*Data for the task:*
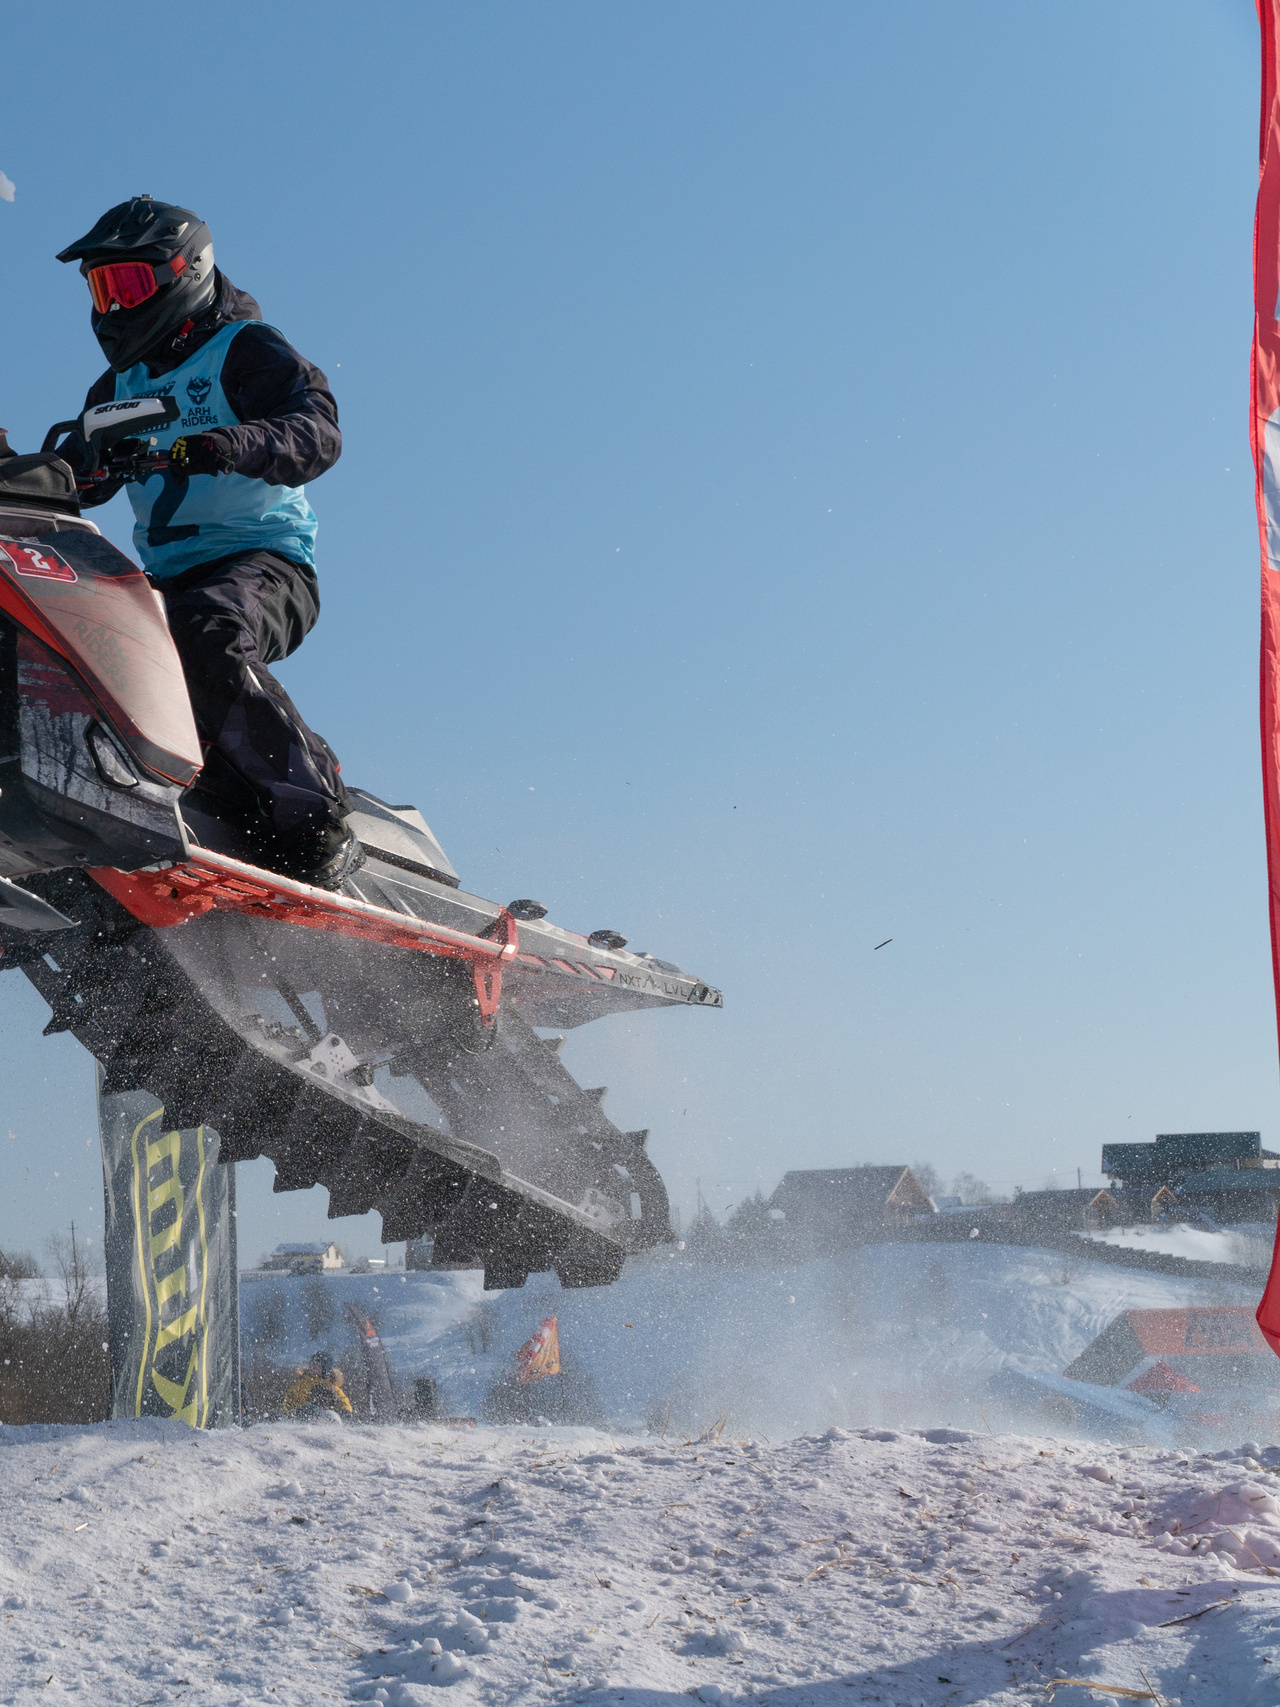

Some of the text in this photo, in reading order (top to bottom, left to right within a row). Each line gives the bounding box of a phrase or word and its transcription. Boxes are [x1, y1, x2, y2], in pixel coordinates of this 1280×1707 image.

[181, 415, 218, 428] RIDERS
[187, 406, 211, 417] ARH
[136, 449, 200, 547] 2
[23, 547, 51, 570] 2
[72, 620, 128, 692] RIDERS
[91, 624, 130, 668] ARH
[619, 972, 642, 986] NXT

*Task details:*
Pictures are not part of the copy. Please reproduce the material word for word.

*Written answer:*
Some of the text in this photo, in reading order (top to bottom, left to right within a row). Each line gives the bounding box of a phrase or word and its transcription. Boxes are [x1, y1, x2, y2], in pixel coordinates of this 1280×1707 image.

[181, 415, 218, 428] RIDERS
[187, 406, 211, 417] ARH
[136, 449, 200, 547] 2
[23, 547, 51, 570] 2
[72, 620, 128, 692] RIDERS
[91, 624, 130, 668] ARH
[619, 972, 642, 986] NXT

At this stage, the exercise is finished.